Oltre 10 metri cubi di rifiuti ingombranti e materiale di risulta sono stati rimossi nell’operazione durata diverse ore per garantire la sicurezza del parco urbano e delle zone abitate adiacenti a questo polmone verde della Capitale, e che si estende tra la via Trionfale, via della Pineta Sacchetti e il quartiere Valle Aurelia.

Il parco urbano è una delle oasi naturali più belle e significative del territorio romano. Al suo interno si trova la suggestiva Valle dell’Inferno, un’area che un tempo si estendeva fino alle Mura Vaticane, caratterizzata dalla presenza di antiche fornaci e calcare legate alla Fabbrica di San Pietro.

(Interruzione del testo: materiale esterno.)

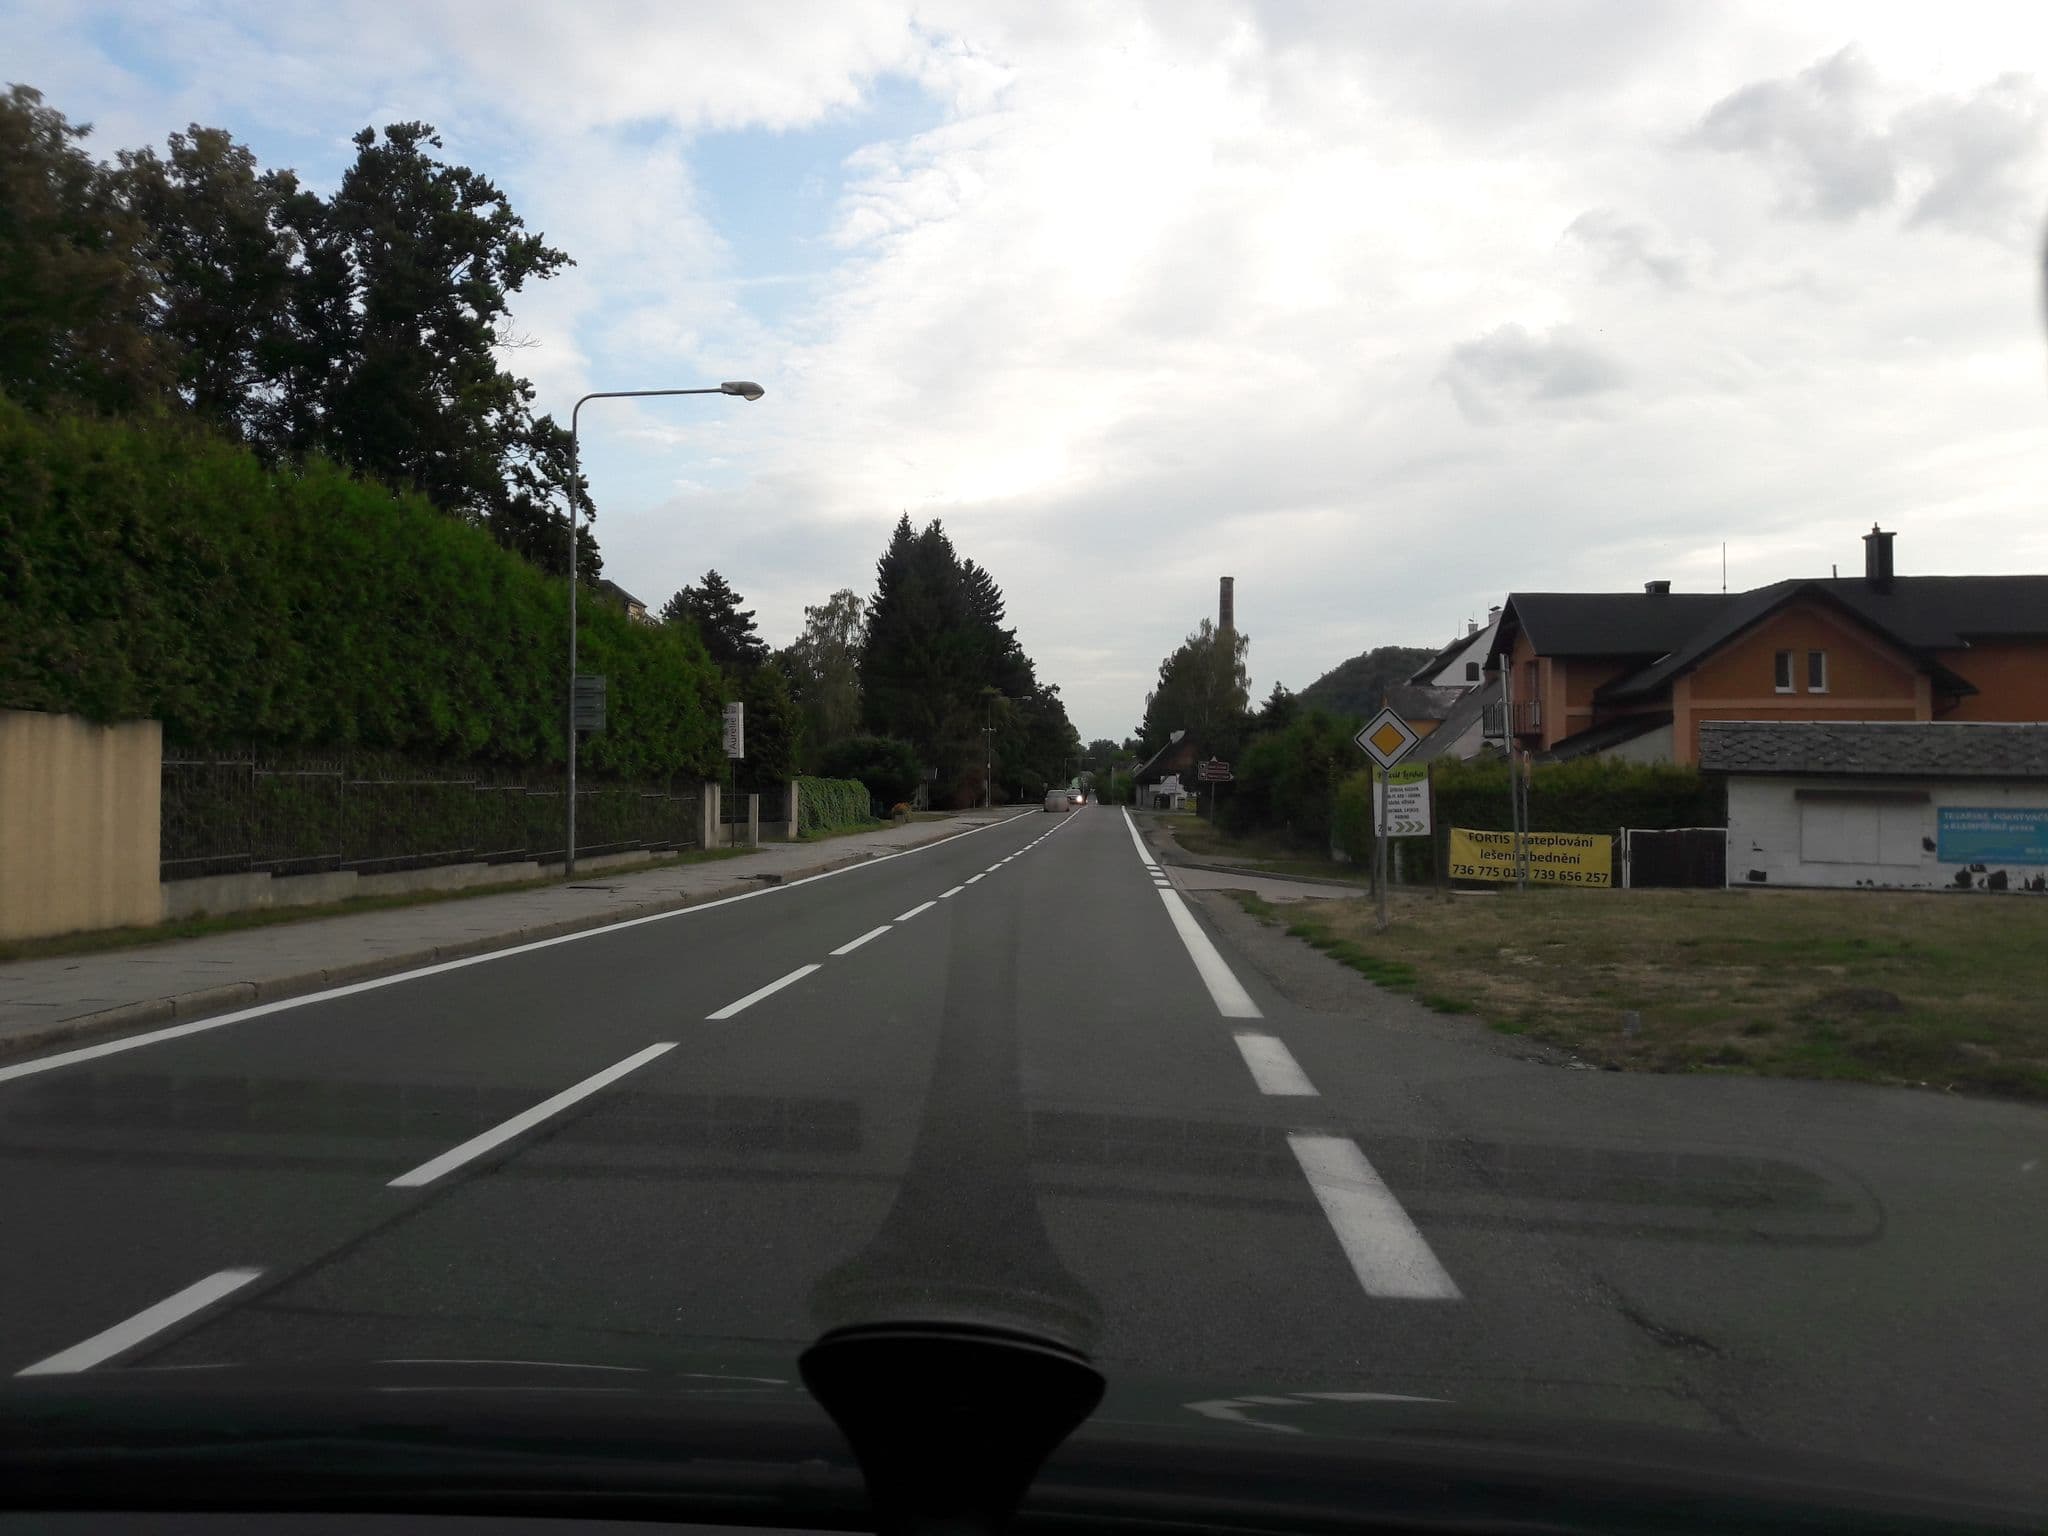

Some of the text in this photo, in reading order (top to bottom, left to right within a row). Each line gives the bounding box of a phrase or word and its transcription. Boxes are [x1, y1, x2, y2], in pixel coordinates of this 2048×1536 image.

[1468, 832, 1510, 844] FORTIS
[1480, 848, 1515, 861] lešení
[1529, 850, 1581, 864] bednění
[1452, 864, 1474, 875] 736
[1478, 865, 1500, 877] 775
[1533, 869, 1555, 880] 739
[1559, 870, 1582, 882] 656
[1585, 872, 1608, 883] 257
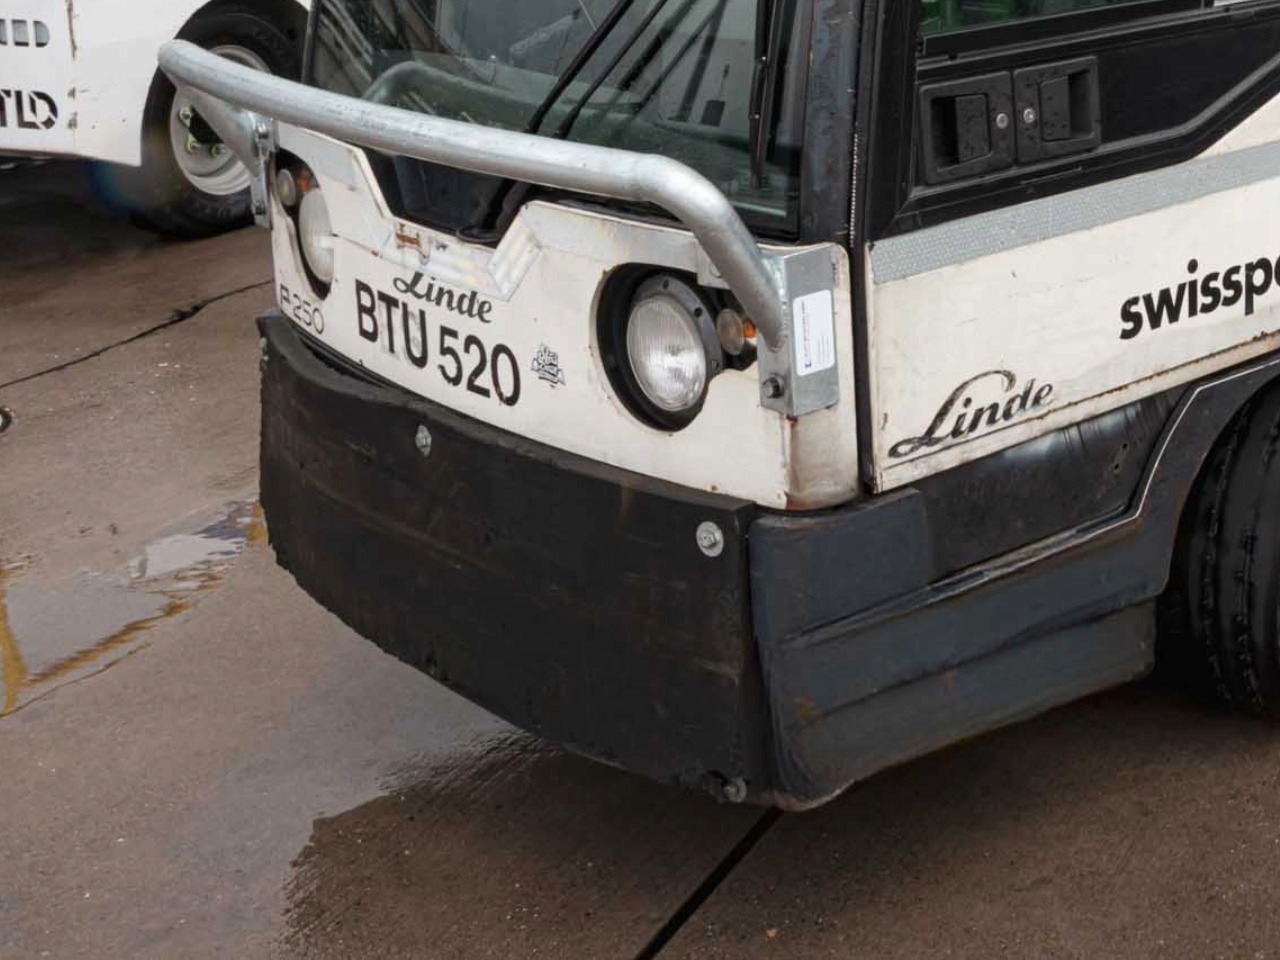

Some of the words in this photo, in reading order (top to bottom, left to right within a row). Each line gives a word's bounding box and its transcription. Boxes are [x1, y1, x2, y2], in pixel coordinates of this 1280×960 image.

[393, 271, 493, 323] Linde
[355, 279, 428, 369] BTU
[437, 325, 521, 406] 520
[888, 369, 1054, 458] Linde
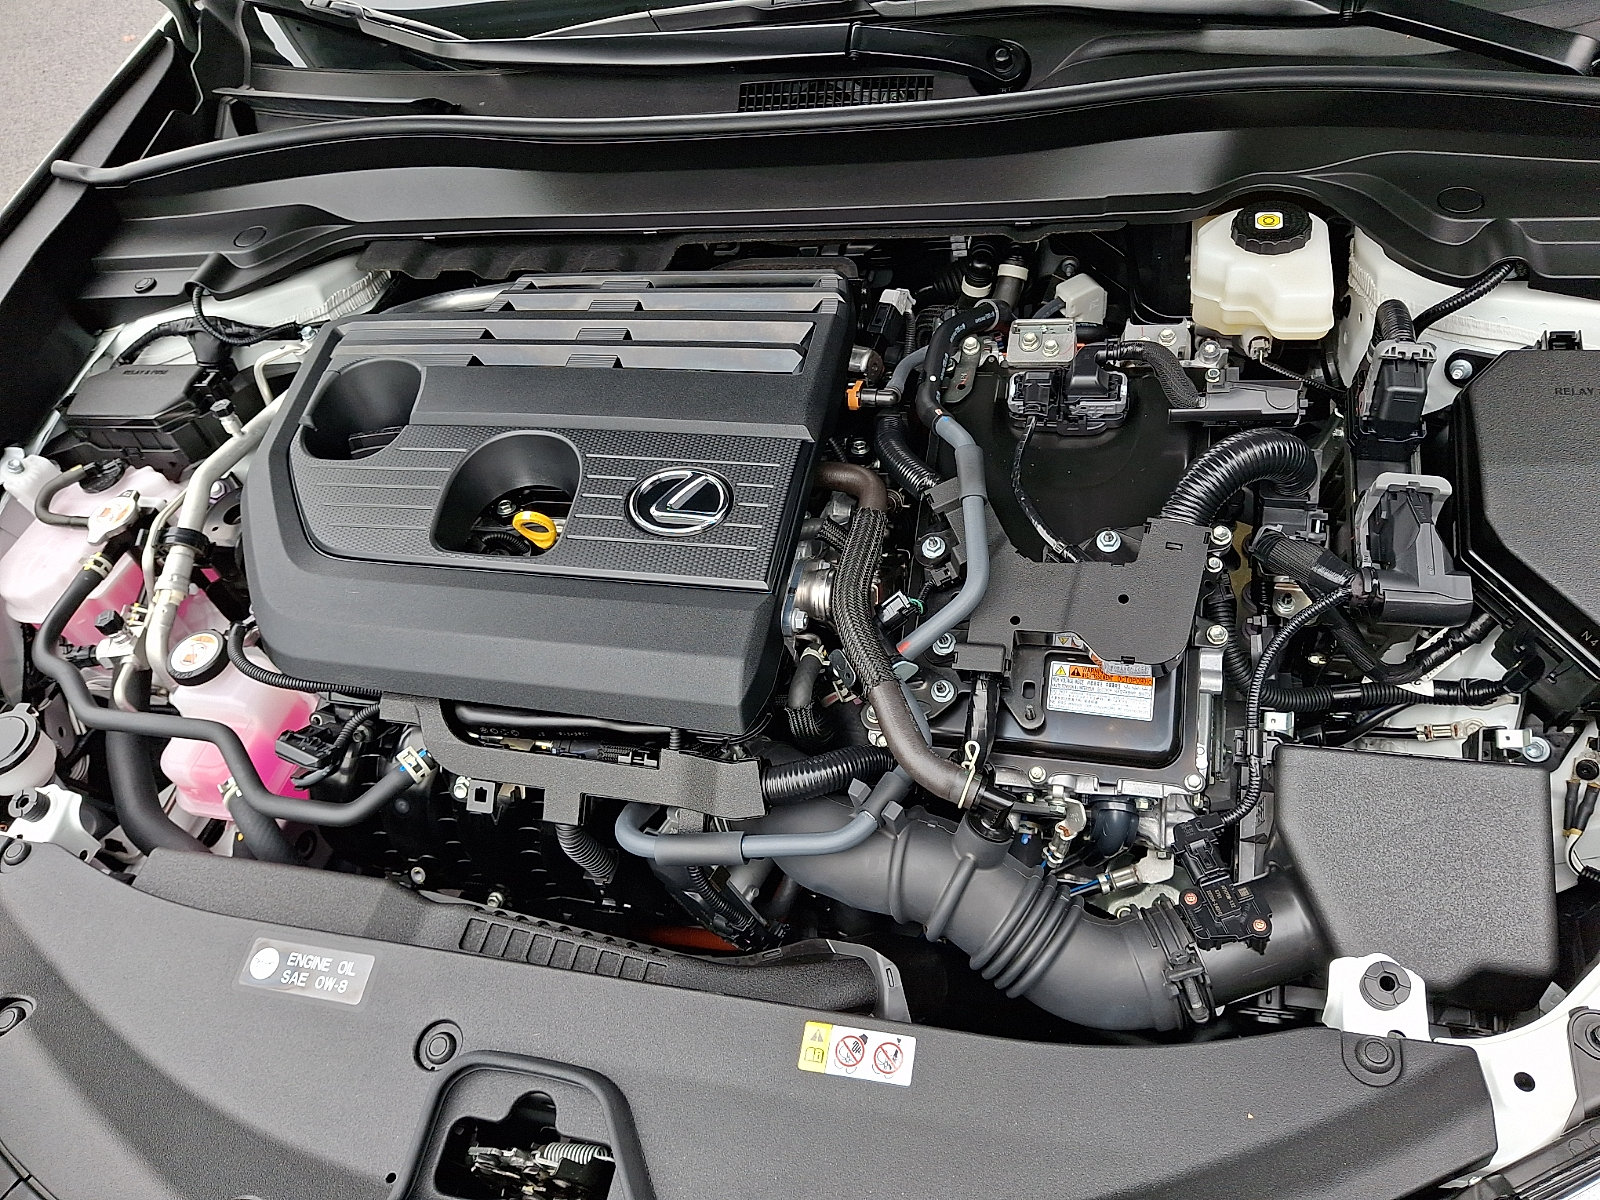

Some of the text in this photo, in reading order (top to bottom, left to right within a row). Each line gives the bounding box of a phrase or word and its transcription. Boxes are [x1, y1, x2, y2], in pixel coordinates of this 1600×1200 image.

[1554, 387, 1594, 396] RELAY
[287, 952, 333, 972] ENGINE
[337, 961, 356, 976] OIL
[280, 970, 348, 993] SAE 0W-8
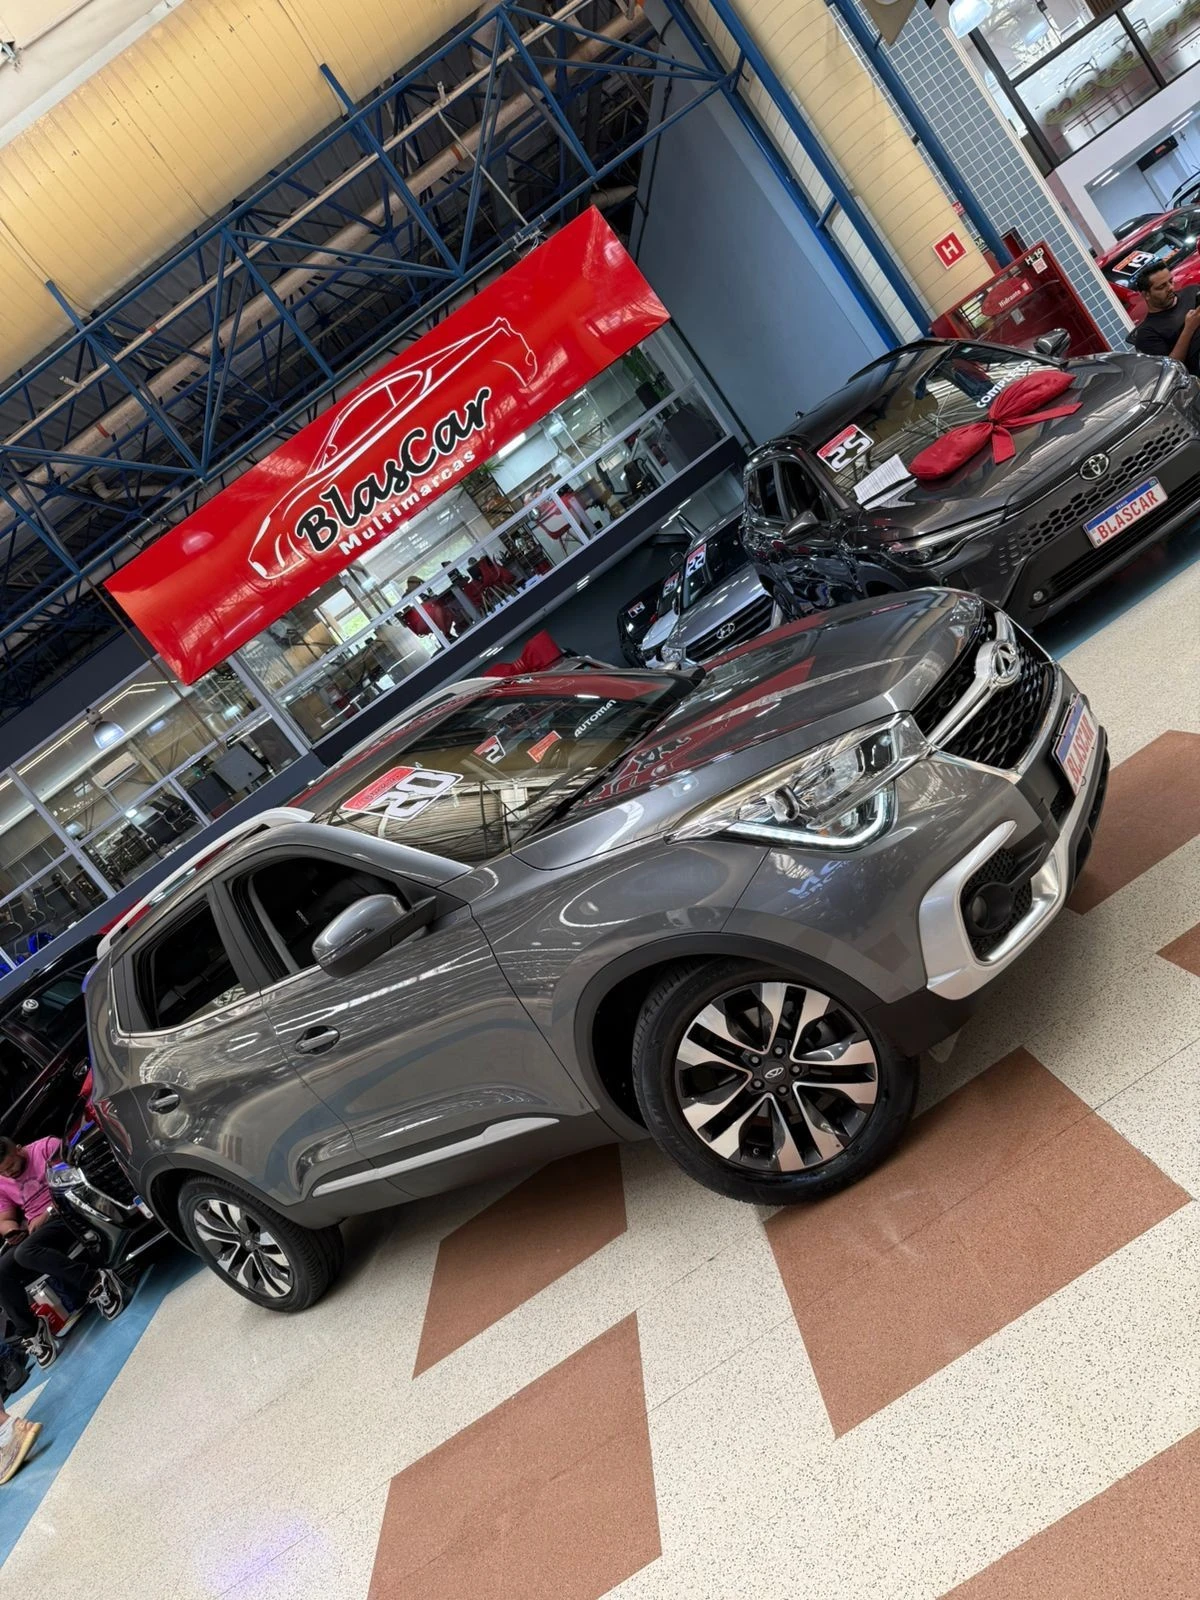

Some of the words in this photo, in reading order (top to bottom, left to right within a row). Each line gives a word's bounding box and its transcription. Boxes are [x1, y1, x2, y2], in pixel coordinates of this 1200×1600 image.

[941, 239, 959, 260] H
[295, 387, 492, 553] BlasCar
[826, 432, 871, 469] 25
[339, 450, 476, 555] Multimarcas
[1096, 490, 1159, 539] BLASCAR
[1066, 713, 1095, 784] BLASCAR
[372, 770, 451, 818] 20

Storicamente, questa zona era ricoperta da vigne e casali, a testimonianza di un passato legato sia all’attività produttiva che agricola. Nonostante la sua bellezza e importanza ecologica, il parco è stato al centro di innumerevoli episodi di abbandono di rifiuti e insediamenti abusivi, che ne stavano fino ad oggi minando la sicurezza e la conservazione, mettendo a rischio anche i quartieri circostanti.

L’intervento di bonifica

Una situazione di emergenza che ha reso necessarie delle imponenti operazioni di bonifica come quella appena conclusa. L’operazione di sgombero e pulizia si è concentrata in particolare nell’area compresa tra via della Pineta Sacchetti e via Francesco Albergotti, dove sono intervenuti gli agenti del XIV Gruppo Montemario per consentire le complesse operazioni, che hanno fatto seguito a precedenti sgomberi di insediamenti abusivi.

Con l’ausilio di personale e mezzi AMA, sono stati rimossi circa 10 metri cubi di rifiuti ingombranti e materiale di risulta: un volume di immondizia, che una volta rimossa ha reso ancora più chiaro il grave pericolo rischiato al primo tentativo di incendio doloso, per occultare la provenienza illecita dei rifiuti.